What does it sound like?:
You could argue that this, the 6th album by Californian band Dawes, should have been their fifth. After the promise of Nothing Is Wrong and Stories Don’t End and the joy of All Your Favourite Bands, the fifth album, We’re All Gonna Die (much as I love it) – well, the report card would have read ‘trying too hard.’
So what is so different about Passwords?
The first thing is that Taylor Goldsmith has written a terrific batch of songs. I mean really, really good.
The second thing is producer, Jonathan Wilson. The clarity of sound and unfussy recording are a joy – and he even finds time to drop a couple of ‘Wilsonisms’ into the music.
And the third thing is a band growing into their own skins and growing in maturity as a band.
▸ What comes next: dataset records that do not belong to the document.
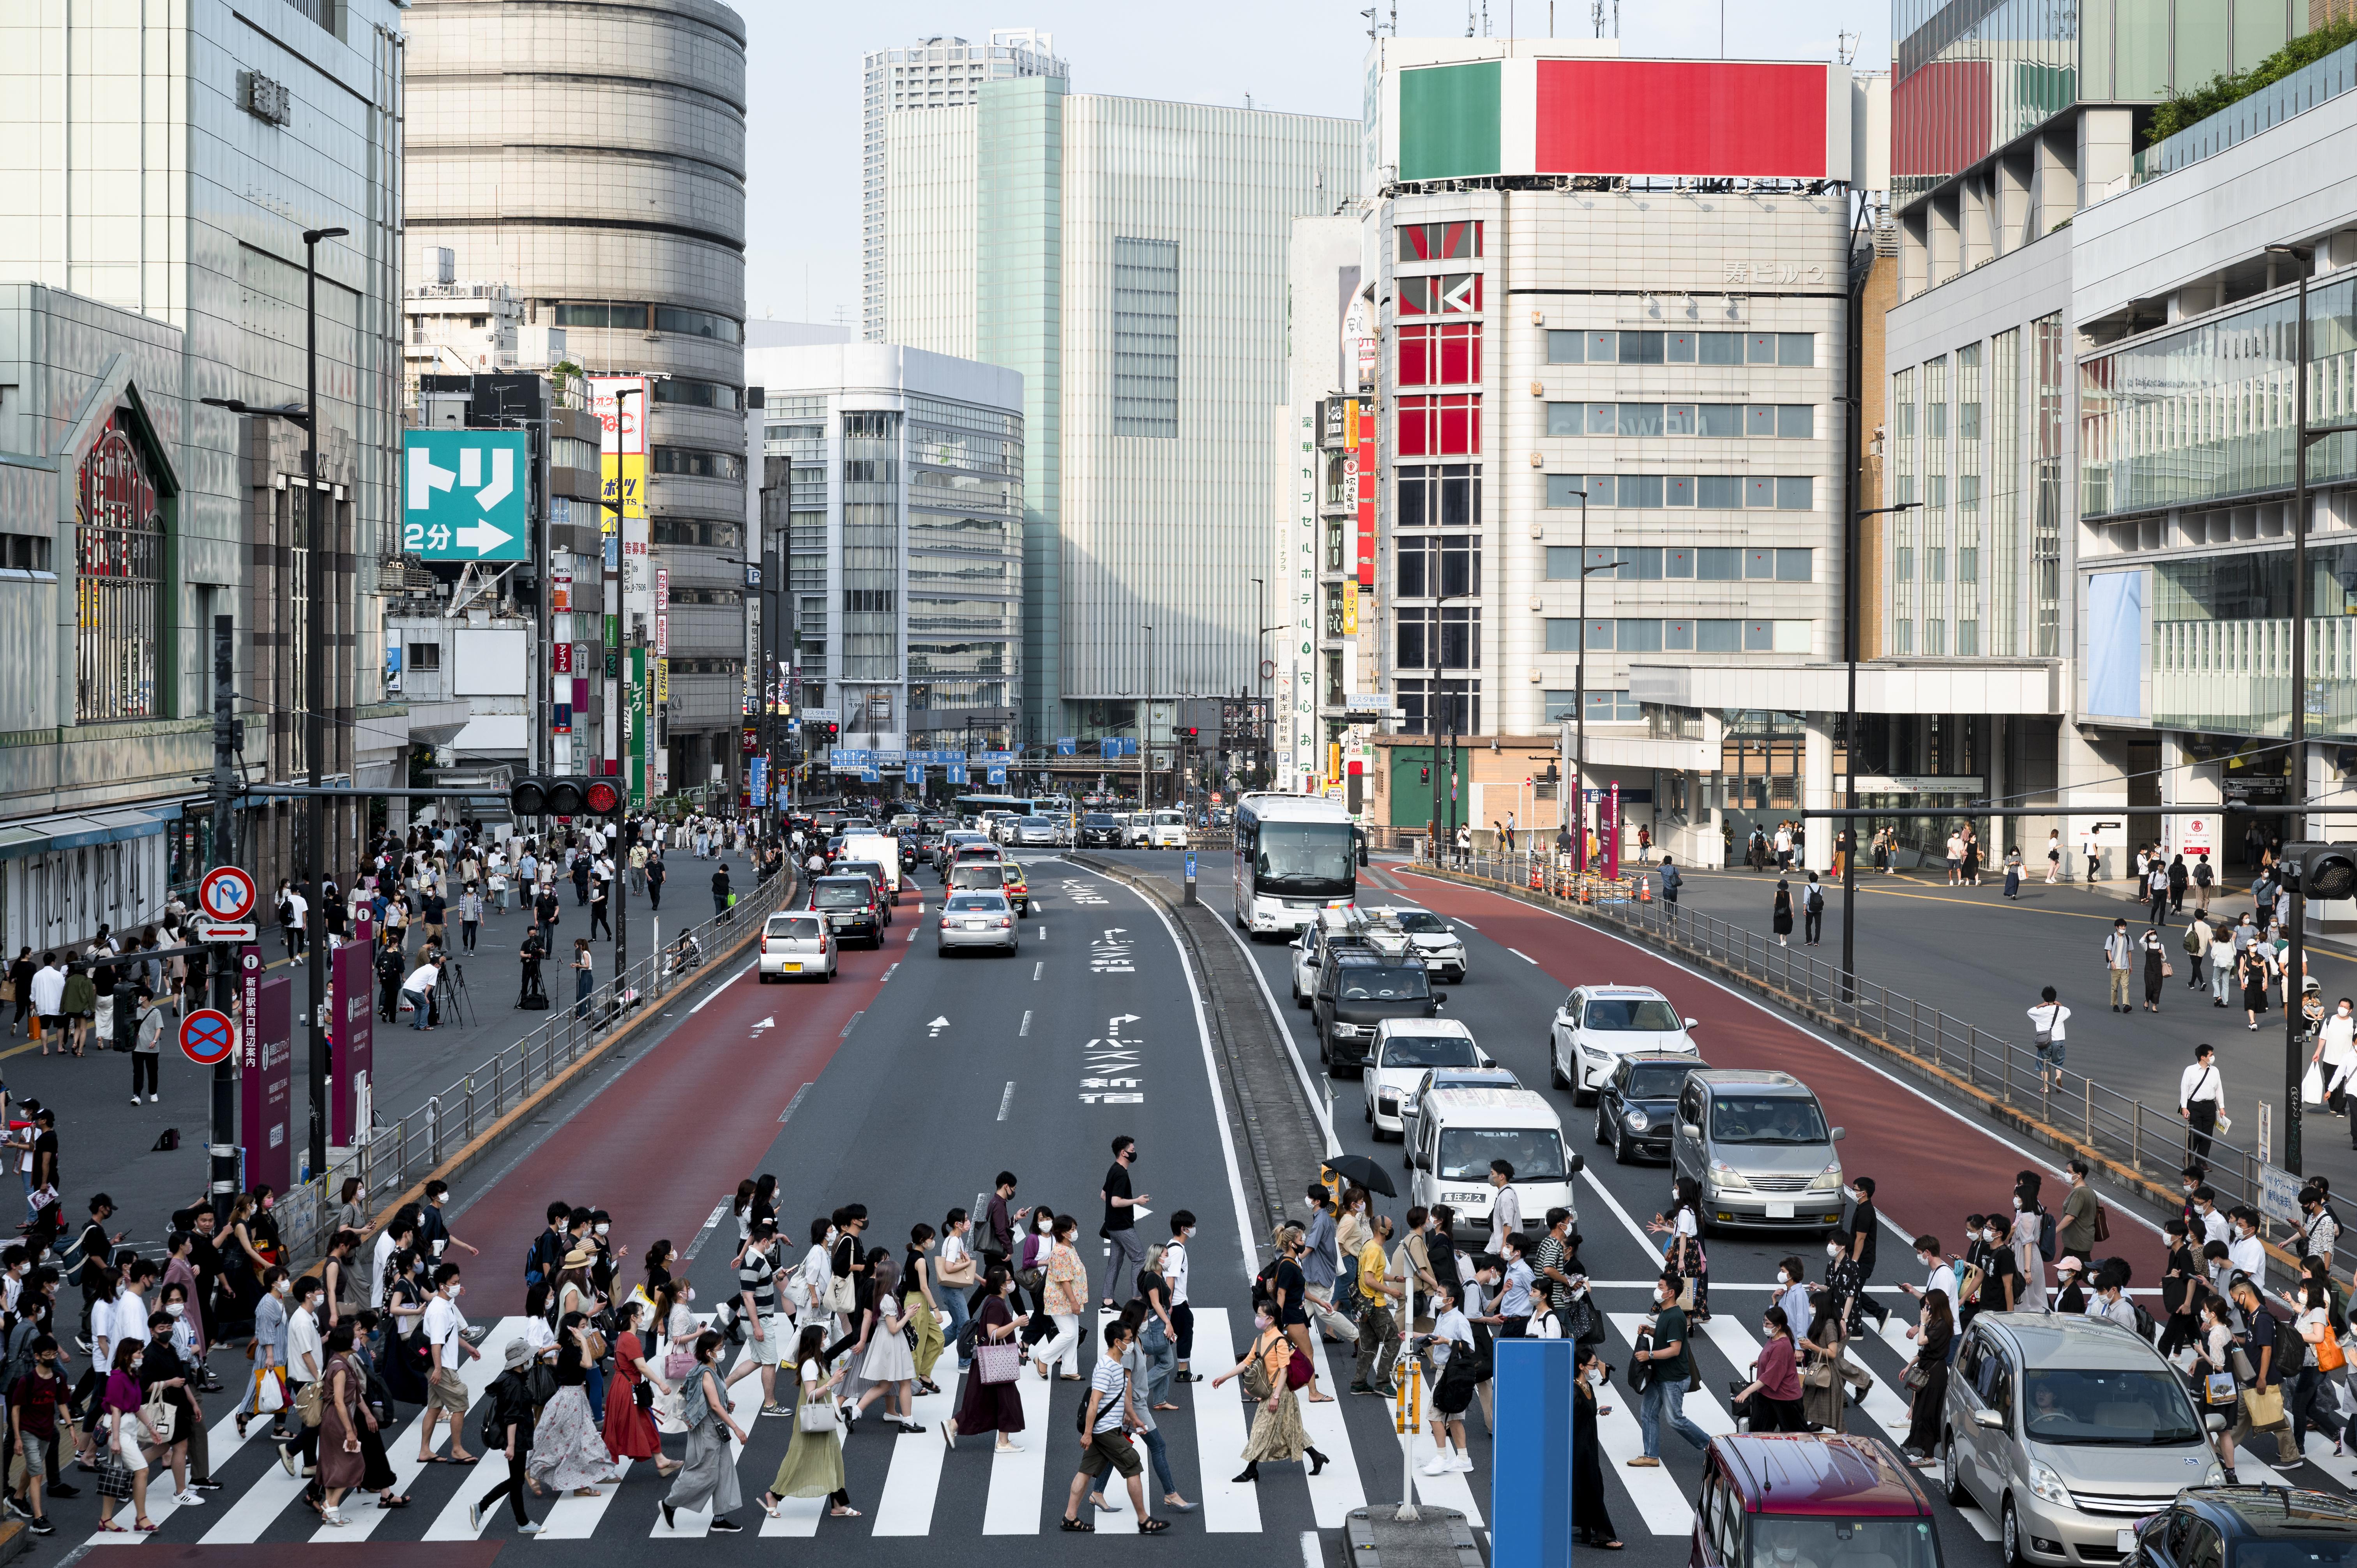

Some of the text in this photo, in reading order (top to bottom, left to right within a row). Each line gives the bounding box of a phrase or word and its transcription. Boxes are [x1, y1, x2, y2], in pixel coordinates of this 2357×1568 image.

[1349, 411, 1357, 437] 鳥貴族
[408, 448, 513, 512] トリ
[1346, 478, 1356, 510] 塚田農場
[405, 523, 451, 550] 2分
[1302, 417, 1313, 629] 豪華カプセルホテル
[623, 542, 647, 555] 告募集
[607, 655, 616, 677] ウッド
[632, 682, 642, 712] レイク
[93, 837, 145, 923] SPECIAL
[246, 977, 256, 1067] 新宿駅南口周辺案内
[1444, 1193, 1482, 1202] 高圧ガス
Anyone who has seen Dawes live will tell you that the songs grow and have a life of their own when played live. These are recorded so perfectly for playing live that I cannot wait until they come back over the Pond.
The opening track, “Living In The Future” has a vicious riff that hammers away at your head and finally lets itself in. The lyric is about living in Trump’s America but, as usual with Taylor, is so cleverly written that you take whatever meaning you want. This is a killer couplet;
“And if you won’t sing the anthem
They’ll go find someone else who will.”
Then it’s a handbrake turn into one of the gentlest songs, “Stay Down.” It’s a beautiful little song about keeping your head down in the face of trouble but my initial reaction was that the analogy is about boxing – Sometimes it is better to stay down than take more punishment – and this is born out by the final verse.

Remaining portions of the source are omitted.